=== Begin Enclosure ===

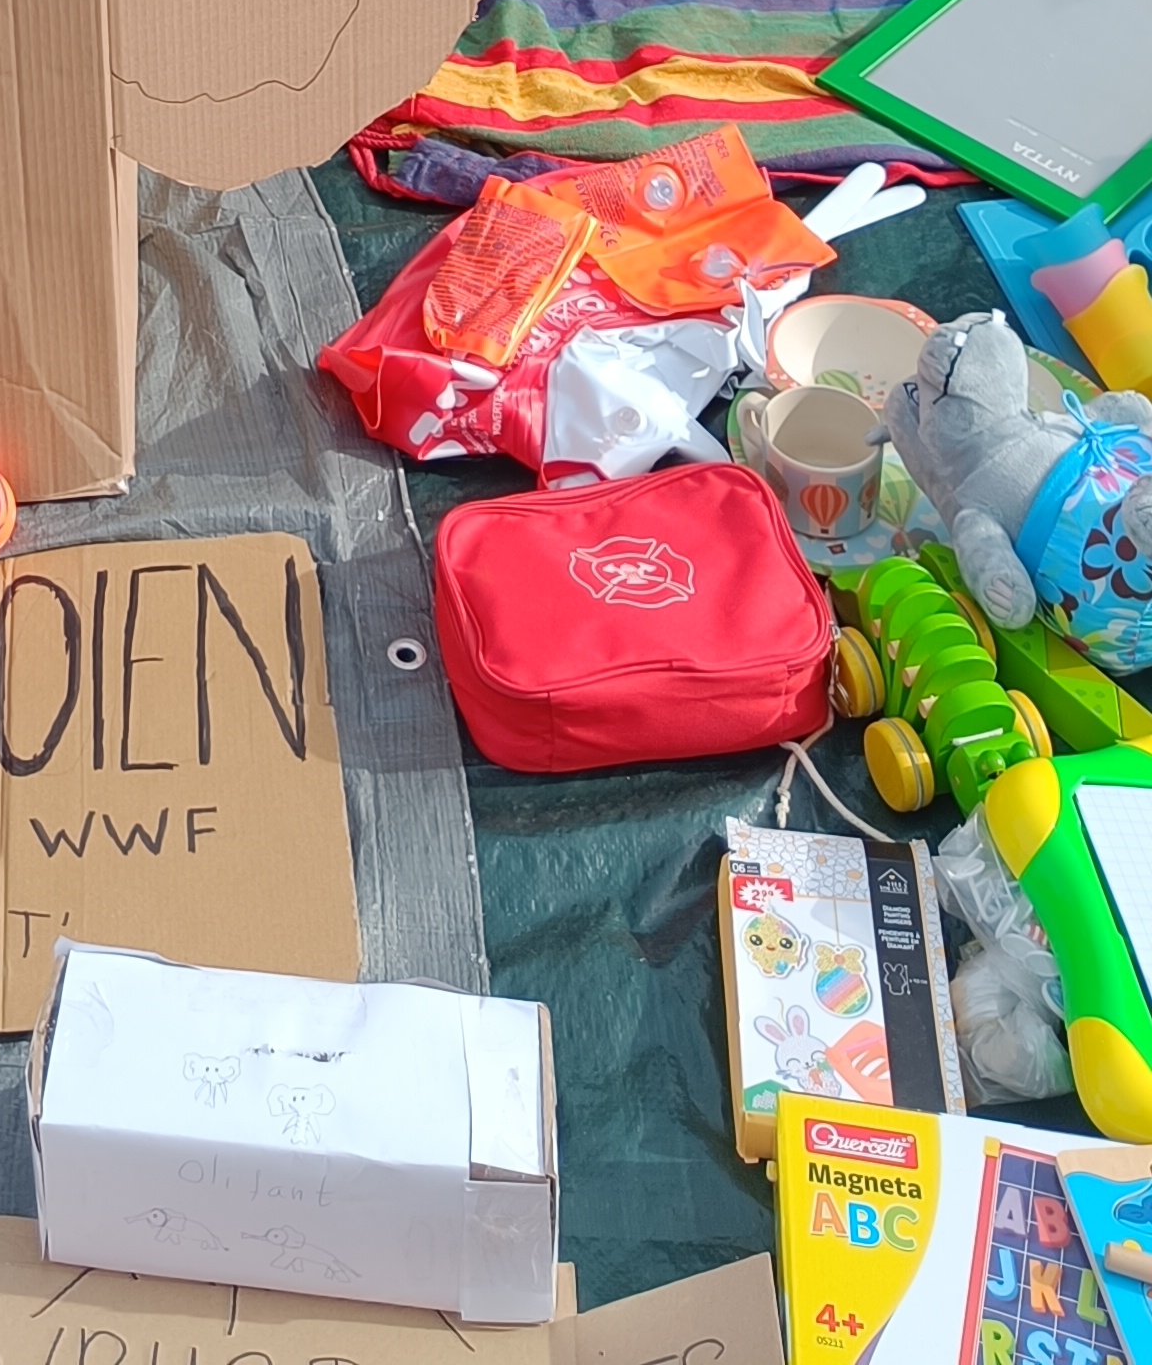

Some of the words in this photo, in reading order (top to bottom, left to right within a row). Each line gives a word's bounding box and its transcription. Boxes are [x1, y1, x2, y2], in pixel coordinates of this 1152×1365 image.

[1012, 140, 1080, 183] NYTTJA
[29, 807, 217, 858] WWF
[732, 863, 746, 874] 06
[882, 905, 911, 914] DIAMOND
[811, 1122, 911, 1159] Quercetti
[808, 1163, 922, 1199] Magneta
[810, 1191, 919, 1251] ABC
[994, 1186, 1028, 1238] A
[1033, 1196, 1071, 1249] B
[987, 1249, 1019, 1302] J
[1029, 1258, 1065, 1317] K
[1076, 1268, 1108, 1327] L
[816, 1303, 864, 1336] 4+
[816, 1336, 844, 1348] 05211
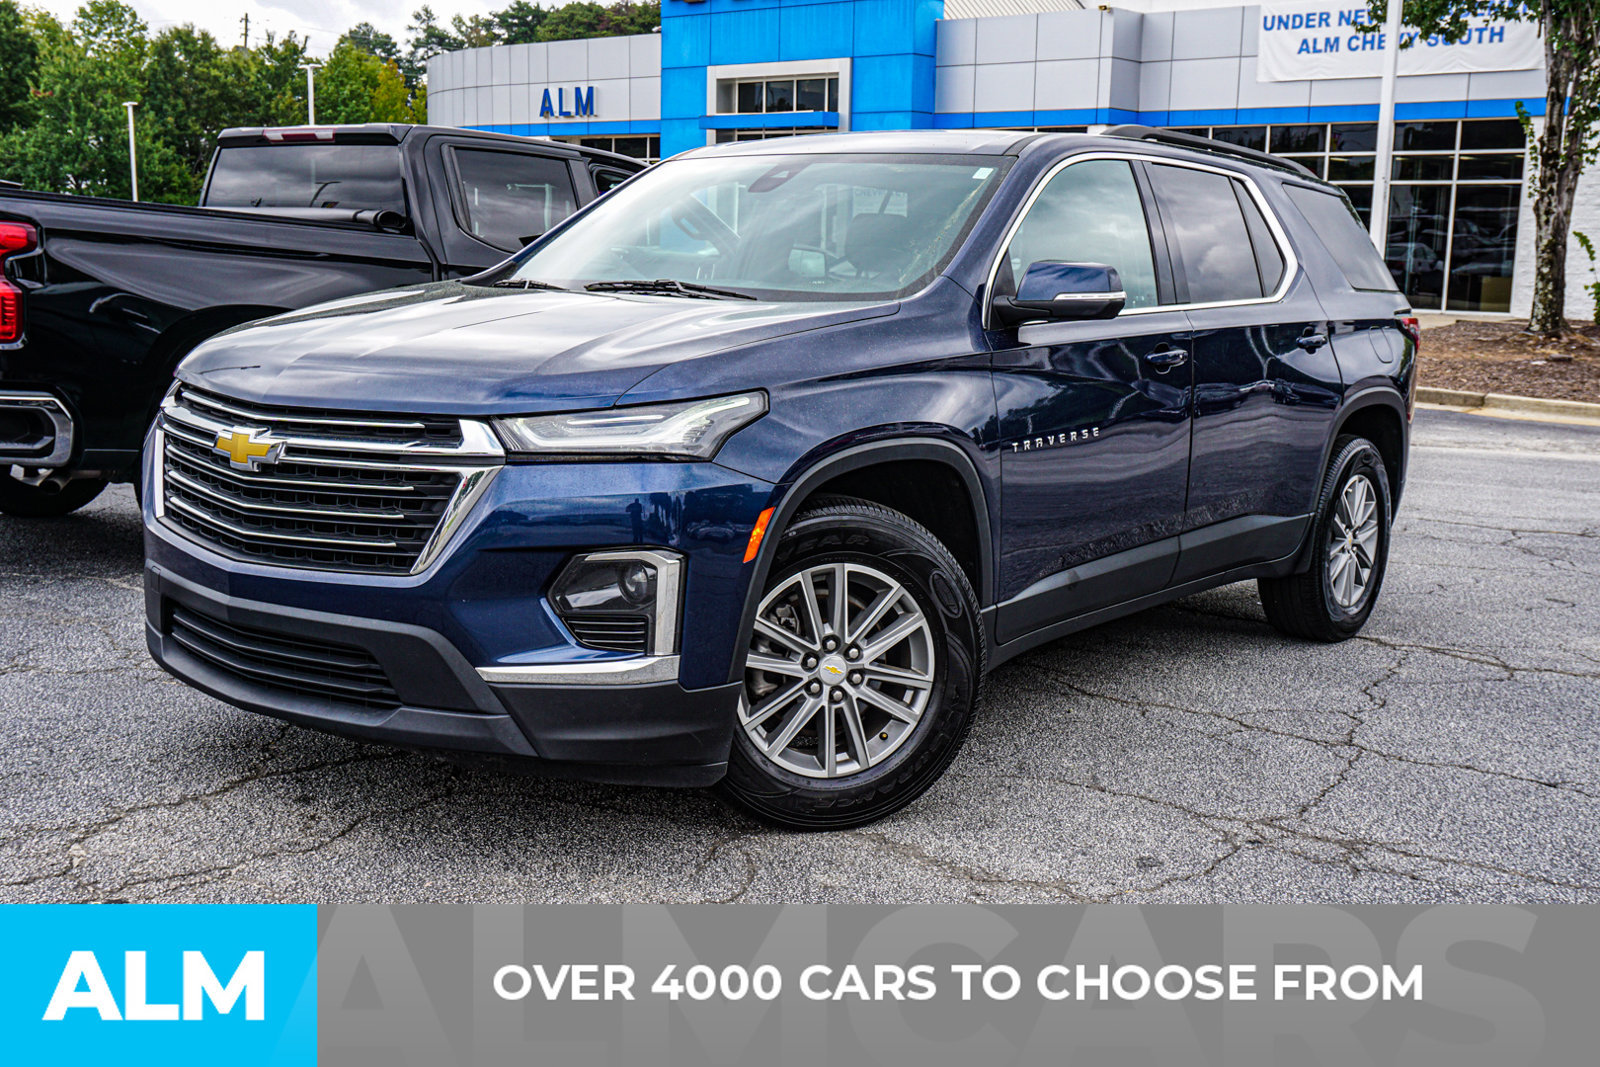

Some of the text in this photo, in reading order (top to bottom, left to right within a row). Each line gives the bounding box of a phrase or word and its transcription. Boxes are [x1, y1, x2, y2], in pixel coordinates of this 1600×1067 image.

[1263, 12, 1331, 31] UNDER
[1297, 36, 1340, 54] ALM
[539, 86, 595, 117] ALM
[1012, 427, 1099, 453] TRAVERSE
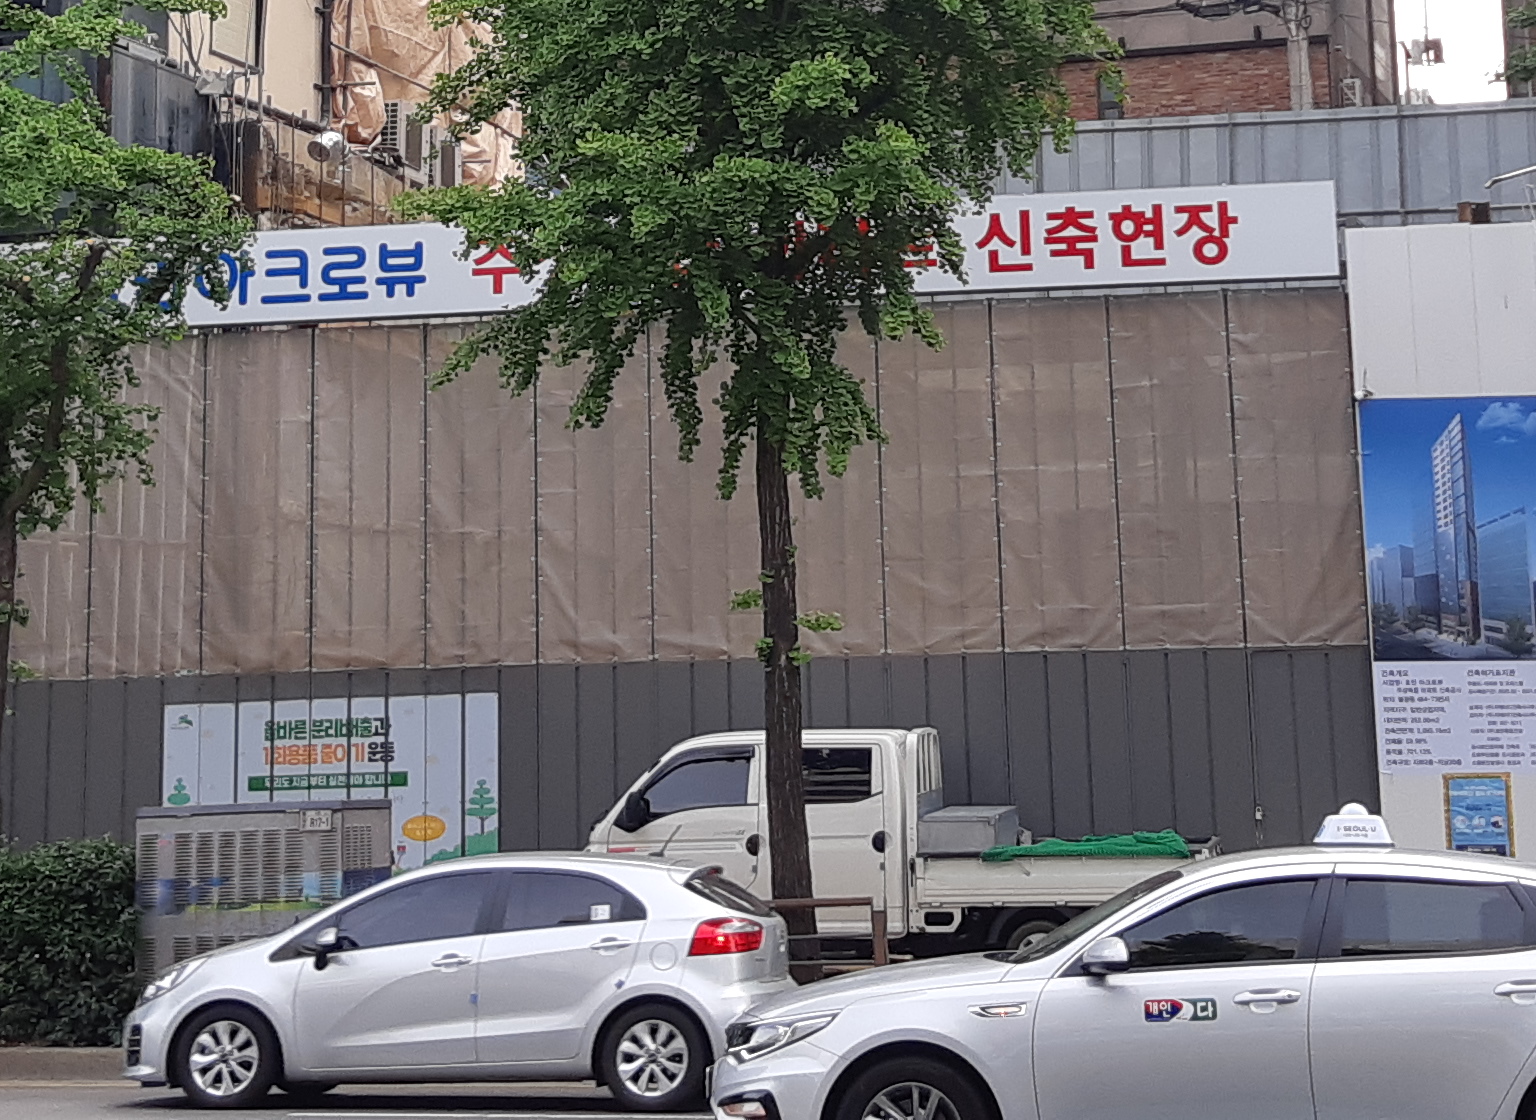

=== End Enclosure ===

▶ [Exercise instructions]:
All records are to be reproduced exactly; the pictures are to be omitted.

▶ [Exercise answer]:
Some of the words in this photo, in reading order (top to bottom, left to right within a row). Each line gives a word's bounding box and its transcription. Boxes are [x1, y1, x2, y2], in pixel coordinates of this 1152×1365 image.

[1012, 140, 1080, 183] NYTTJA
[29, 807, 217, 858] WWF
[732, 863, 746, 874] 06
[882, 905, 911, 914] DIAMOND
[811, 1122, 911, 1159] Quercetti
[808, 1163, 922, 1199] Magneta
[810, 1191, 919, 1251] ABC
[994, 1186, 1028, 1238] A
[1033, 1196, 1071, 1249] B
[987, 1249, 1019, 1302] J
[1029, 1258, 1065, 1317] K
[1076, 1268, 1108, 1327] L
[816, 1303, 864, 1336] 4+
[816, 1336, 844, 1348] 05211

Some of the text in this photo, in reading order (top to bottom, left to right within a row). Each line gives the bounding box of a phrase or word and its transcription. Boxes are [x1, y1, x2, y2], in pixel coordinates of this 1600×1067 image.

[1263, 12, 1331, 31] UNDER
[1297, 36, 1340, 54] ALM
[539, 86, 595, 117] ALM
[1012, 427, 1099, 453] TRAVERSE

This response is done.